“I—I can’t walk much further,” came presently from Ezra Winship.

“By gum! I forgot about that wound in your leg,” exclaimed Pep Frost; “but we air a-comin’ to some rocks now an’ more’n likely they’ll afford us some kind o’ a hidin’-place.”

The old pioneer was right, and leaving the brook they crawled up a series of rough rocks and then into a hollow thick with brushwood. Here they felt comparatively safe, and Ezra Winship sank down exhausted, unable to take another step.

While Pep Frost remained on guard to give the alarm should any of the Indians appear in the vicinity, Mr. Winship gave Joe some of the particulars of the attack on the camp of the pioneers.

“We were caught at something of a disadvantage,” said he. “The horses were giving us a good deal of trouble because one of them stepped into a nest of hornets. While the men were trying to calm the beasts the Indians rushed at us without warning.”

“Was anybody killed?”

“Yes; at the first volley Jim Vedder was laid low and Jerry Dillsworth received a wound from which he cannot possibly recover. The Freemans’ baby was also struck in the shoulder while her mother was holding her in her arms. Those who weren’t struck ran for their guns, and we fought the redskins for fully quarter of an hour. But at last the tide of battle went against us, and I was laid low with an arrow wound in the thigh. I went down and a horse came down on top of me, and that was all I knew for about half an hour, when I found myself a prisoner and tied to a tree in the dark.”

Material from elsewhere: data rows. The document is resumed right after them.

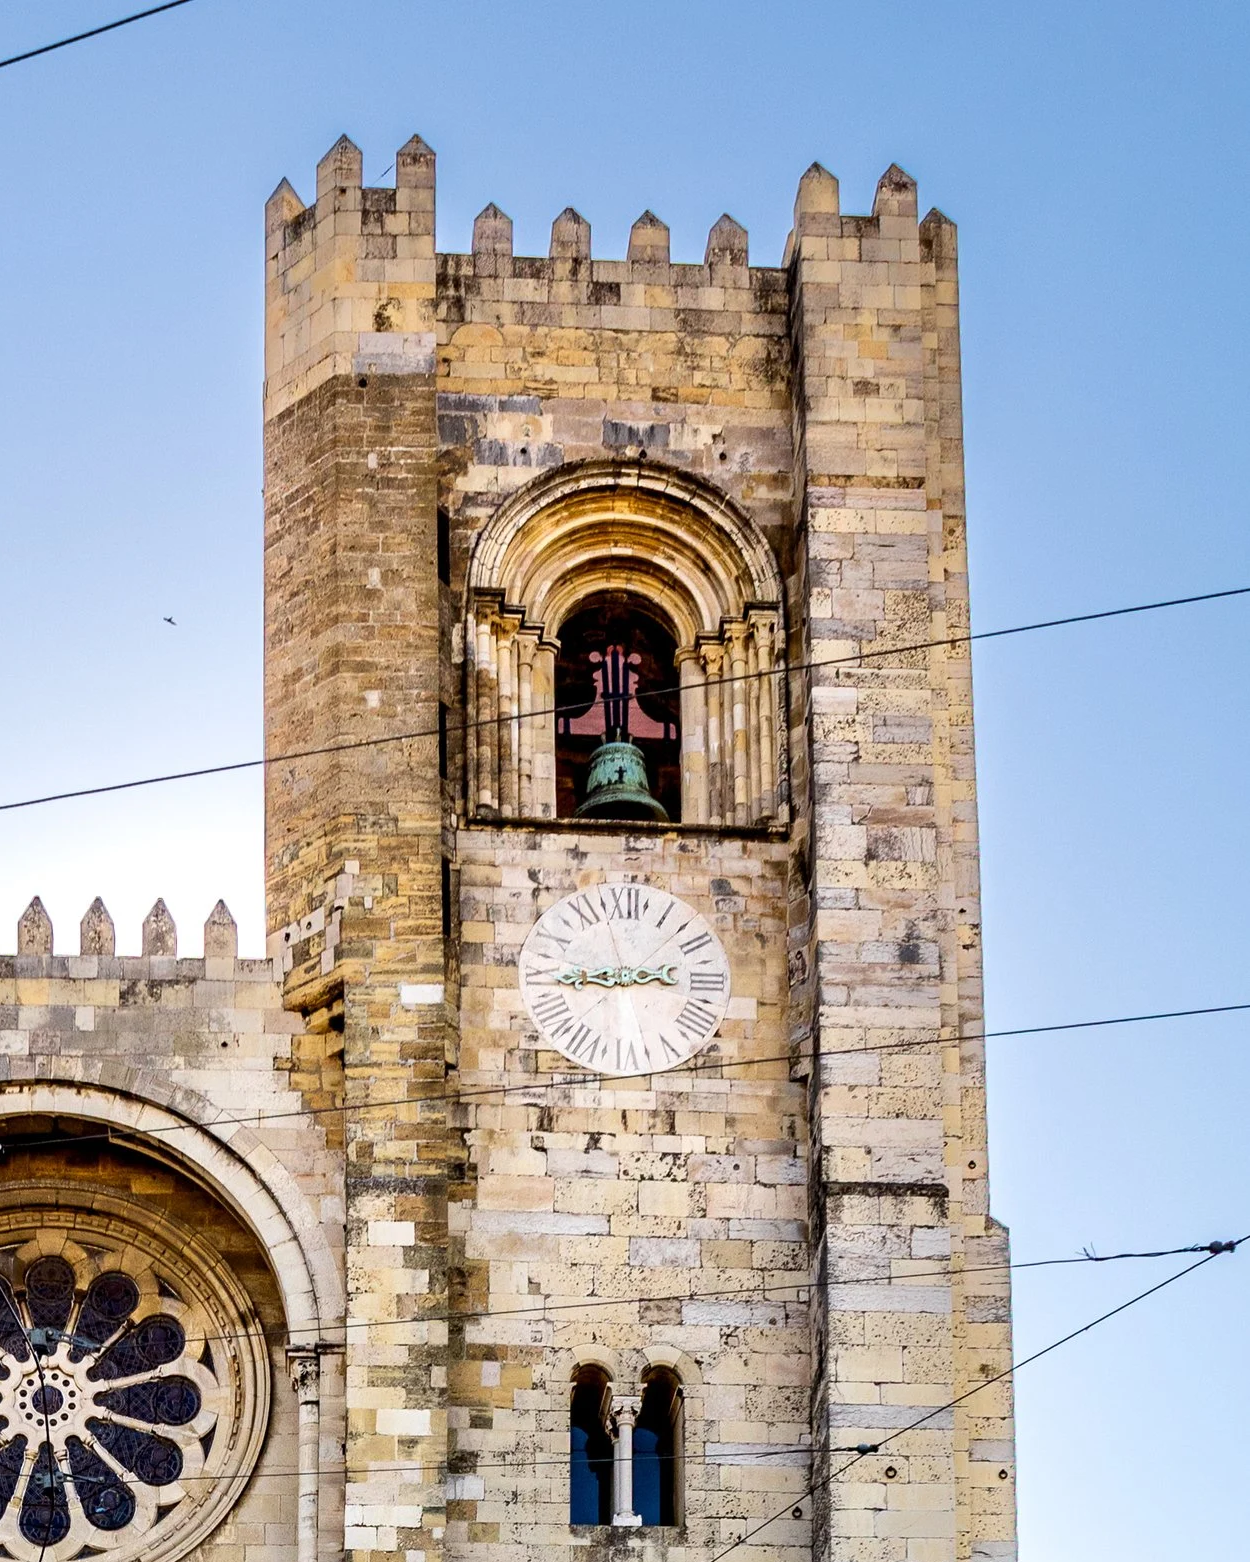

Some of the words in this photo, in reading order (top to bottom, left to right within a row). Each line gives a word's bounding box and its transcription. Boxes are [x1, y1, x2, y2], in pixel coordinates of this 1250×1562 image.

[567, 893, 601, 931] XI
[610, 888, 639, 921] XII
[535, 924, 573, 952] X
[679, 931, 712, 956] II
[690, 972, 724, 991] III
[531, 993, 574, 1038] VIII
[566, 1023, 601, 1063] VII
[616, 1038, 639, 1071] VI
[659, 1033, 681, 1064] V

“And mother and the girls——”

“I didn’t see anything more of them,” answered Ezra Winship sadly. “I know your mother was hit in the arm by a tomahawk, but I don’t believe the wound was very bad. The last I saw of Pep Frost he was fighting to save Clara Parsons from being carried away. But a blow from a club one of the redskins carried stretched him flat, and when I saw him again he was a prisoner like myself.”

“And what of all of the others, father?”